Figure 3 presents an ablation paper on the weight interpolation scale, demonstrating the ability to fine-tune subject or text fidelity by adjusting $\omega$ .

Comparative Analysis with Baselines

The paper compares personalization guidance with CFG, SAG, and AG. Quantitative results show that personalization guidance outperforms these baselines in terms of subject fidelity, while maintaining comparable text fidelity. Qualitative results further illustrate the superior performance of personalization guidance in preserving subject details and generating high-quality images.

Figure 4: Comparison with other guidance techniques, including without guidance, CFG, CFG+SAG, and CFG+AG. These images are generated by the fine-tuned SD 2.1 using DB-LoRA and ClassDiffusion.

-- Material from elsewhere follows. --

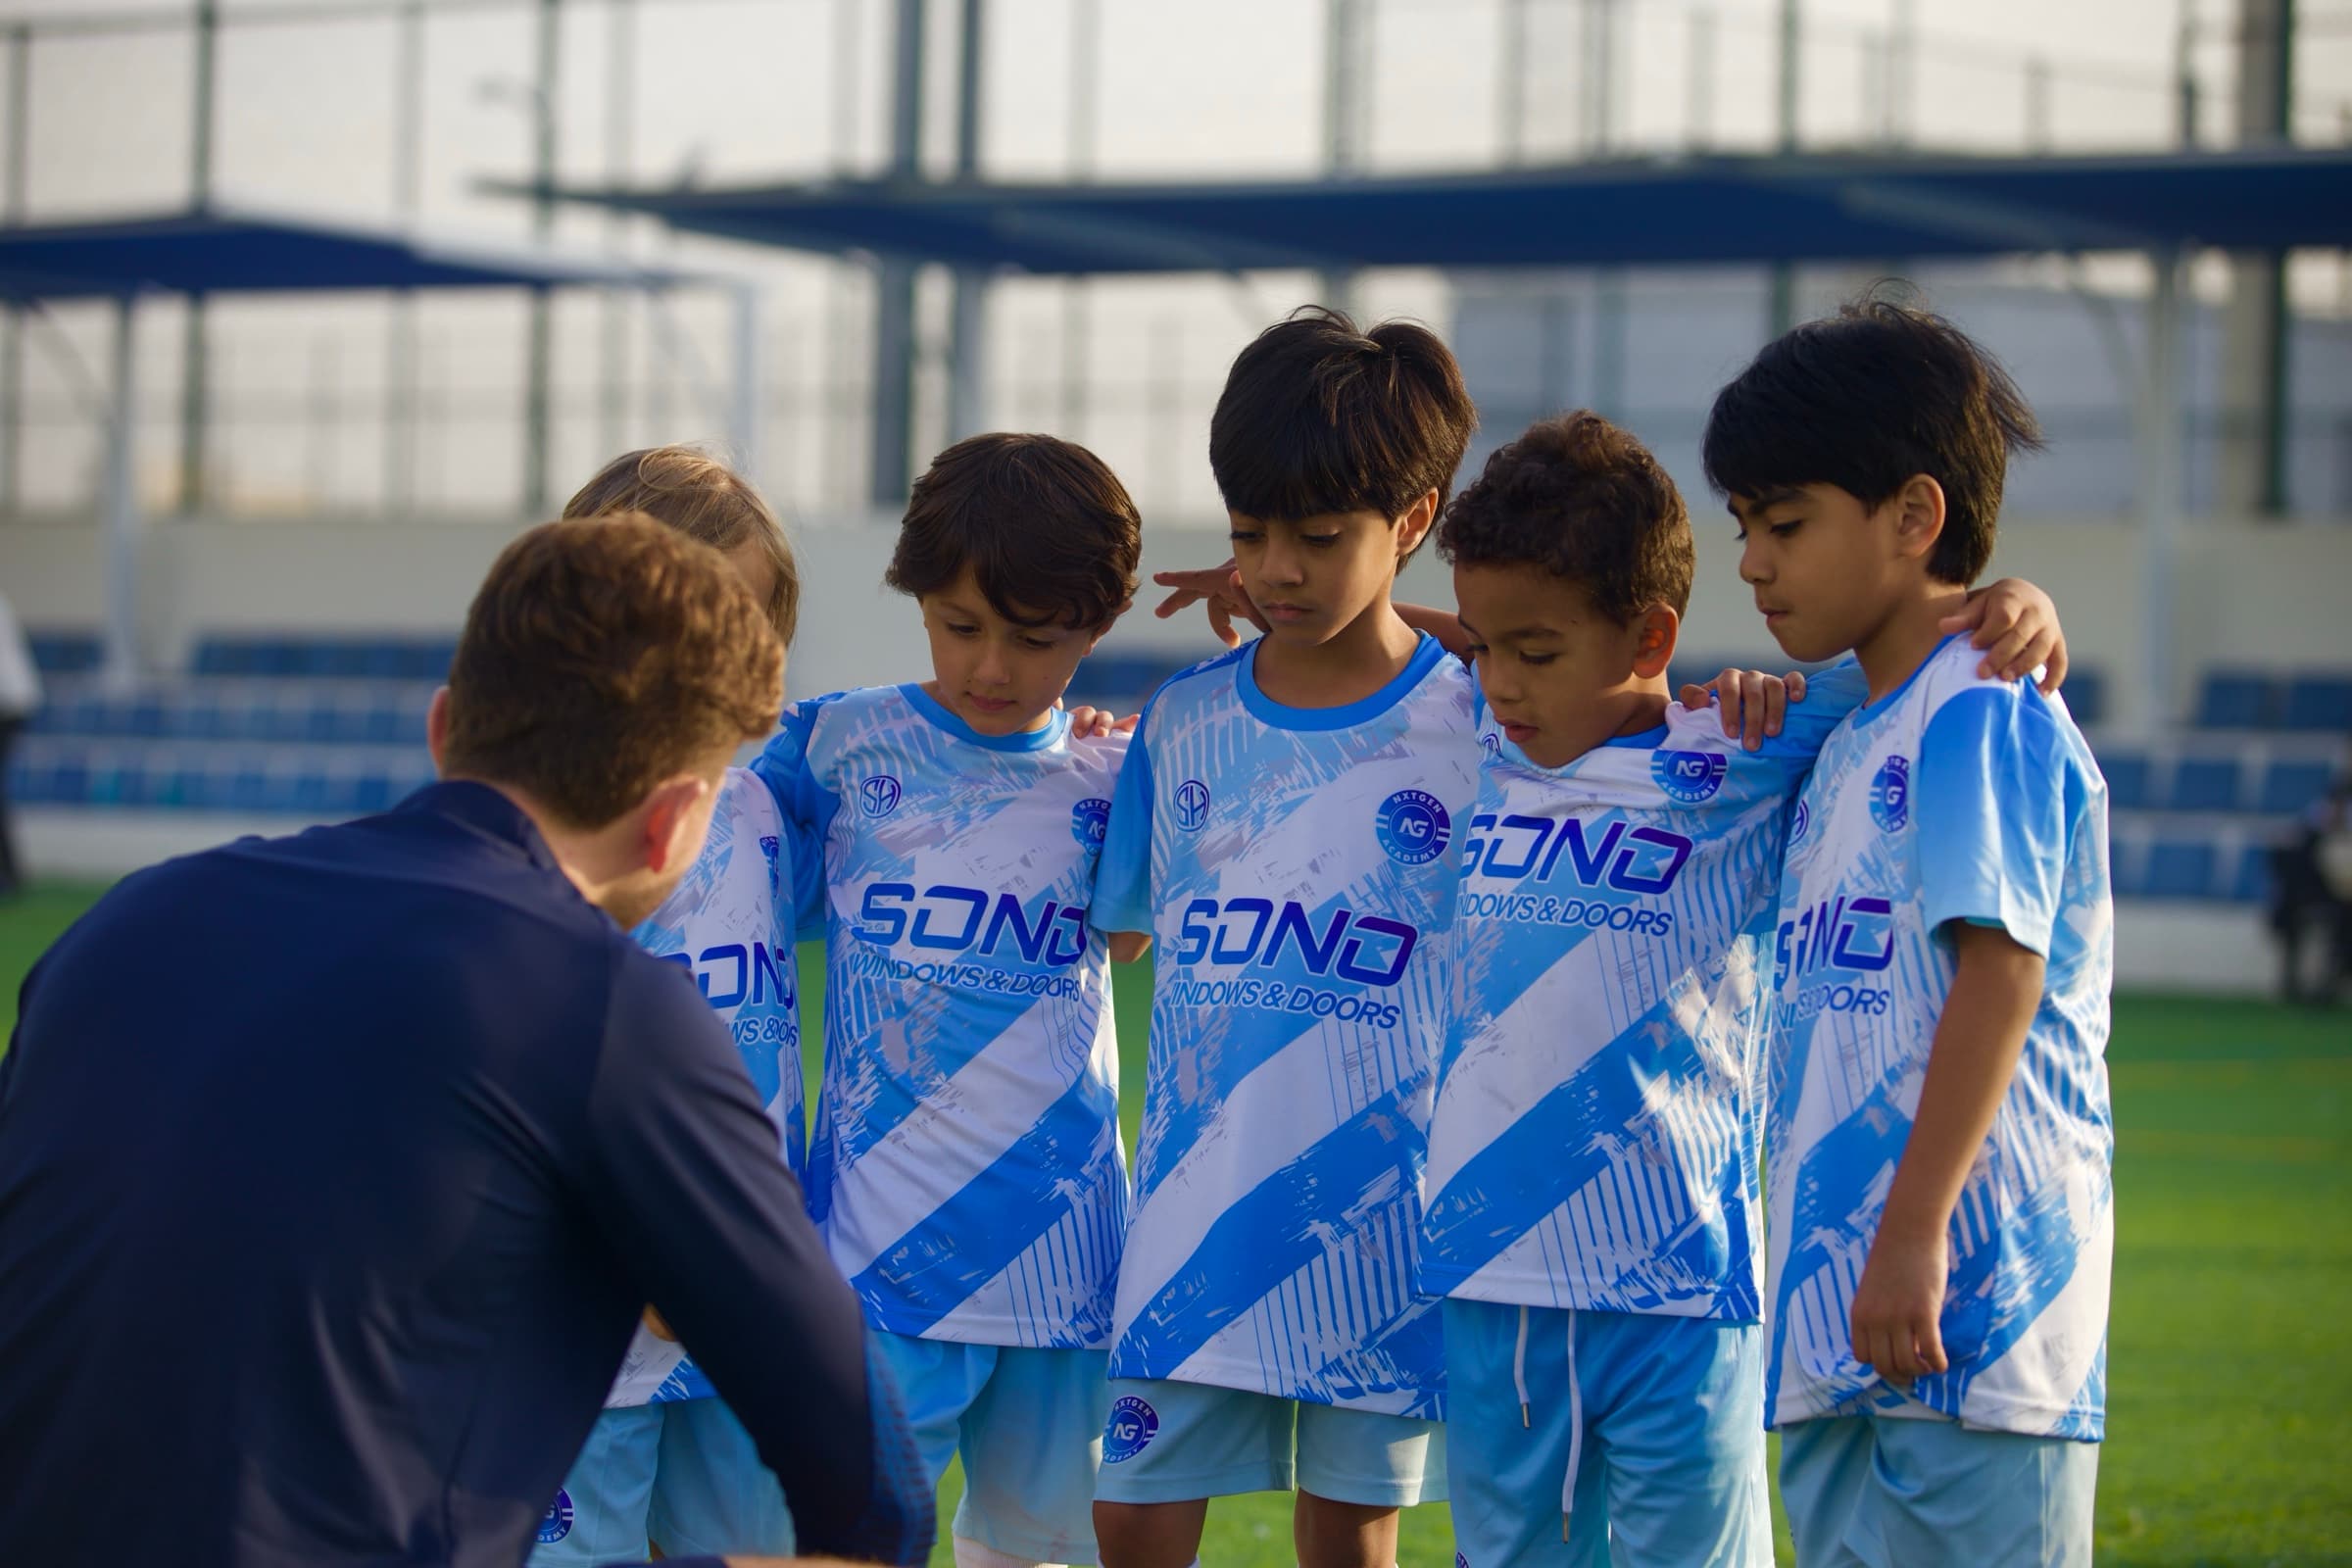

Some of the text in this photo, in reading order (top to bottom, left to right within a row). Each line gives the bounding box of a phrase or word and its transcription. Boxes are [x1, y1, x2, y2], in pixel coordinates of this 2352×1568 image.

[1393, 791, 1443, 813] NXTGEN
[1382, 839, 1436, 862] ACADEMY
[1177, 898, 1418, 988] SONO

Figure 5: Comparison with other guidance techniques. These images are generated by fine-tuned SANA [sana] using DB-LoRA.

Figures 4 and 5 provide visual comparisons, highlighting the enhanced subject fidelity achieved by personalization guidance compared to CFG, SAG, and AG.

User Study and Subjective Evaluation

A user paper was conducted to assess subjective preferences for subject and text fidelity. The results indicate that users significantly preferred images generated using personalization guidance over those generated using baseline methods.

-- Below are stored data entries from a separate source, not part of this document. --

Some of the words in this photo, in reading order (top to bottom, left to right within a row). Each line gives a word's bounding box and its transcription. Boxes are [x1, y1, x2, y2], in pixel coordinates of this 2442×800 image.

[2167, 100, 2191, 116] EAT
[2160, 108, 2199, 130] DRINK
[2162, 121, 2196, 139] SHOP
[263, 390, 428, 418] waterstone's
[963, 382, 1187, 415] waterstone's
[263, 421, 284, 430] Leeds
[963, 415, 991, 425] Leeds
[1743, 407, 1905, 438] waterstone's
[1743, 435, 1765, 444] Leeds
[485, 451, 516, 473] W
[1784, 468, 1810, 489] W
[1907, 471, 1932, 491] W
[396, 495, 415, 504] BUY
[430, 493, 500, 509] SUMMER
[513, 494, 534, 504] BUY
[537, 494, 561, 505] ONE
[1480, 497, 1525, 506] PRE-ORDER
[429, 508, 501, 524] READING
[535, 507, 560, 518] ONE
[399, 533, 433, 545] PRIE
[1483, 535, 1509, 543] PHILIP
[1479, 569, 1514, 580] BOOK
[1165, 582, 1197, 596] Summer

Generalization to Fine-Tuned Models

The paper explores the generalizability of personalization guidance to other fine-tuned diffusion models beyond personalization tasks, including human preference optimization (Diffusion-DPO), style personalization (PairCustom), and instruction-based editing (InstructPix2Pix). The results demonstrate that personalization guidance improves performance across these diverse tasks, suggesting its broad applicability.

Figure 6: Generated images by changing $\omega$ , where SANA with DB-LoRA is used.

Figure 6 visualizes the impact of $\omega$ on generation quality, demonstrating the ability to control the degree of subject and text fidelity.

Figure 7: Ablation paper on the guidance scale $\lambda \in [2.5, 5.0]$ , measuring performance at 0.5 intervals using DB-LoRA based on SANA.

Figure 7 presents an ablation paper on the guidance scale, showing that personalization guidance improves both subject and text fidelity compared to CFG, regardless of the guidance scale.

Figure 8: Qualitative results of our guidance across diverse tasks.

Figure 8 shows qualitative results across diverse tasks, demonstrating the broad applicability of personalization guidance.

Figure 9: Ablation paper on the number of training steps. Notably, our method achieves superior subject fidelity with fewer steps, demonstrating enhanced efficiency.

Figure 9 illustrates that personalization guidance achieves superior subject fidelity with fewer training steps, demonstrating enhanced efficiency.

Figure 10: Comparison with other guidance techniques. These images are generated by fine-tuned SD 2.1 [ldm] using DB-LoRA and ClassDiffusion.

Figure 11: Comparison with other guidance techniques. These images are generated by fine-tuned SANA [sana].

Figures 10 and 11 provide additional visual comparisons, further supporting the effectiveness of personalization guidance.

Conclusion

The paper presents a compelling approach to address the trade-off between subject and text fidelity in personalized text-to-image generation. The proposed personalization guidance technique, based on weight interpolation and an unlearned weak model, offers a simple yet effective way to steer the output toward a balanced latent space. The extensive experimental results and user paper demonstrate the superior performance and broad applicability of the proposed method. The ability to adjust the degree of adaptation through weight interpolation at inference offers a practical advantage over existing methods. This research has significant implications for the development of more controllable and high-quality personalized generative models.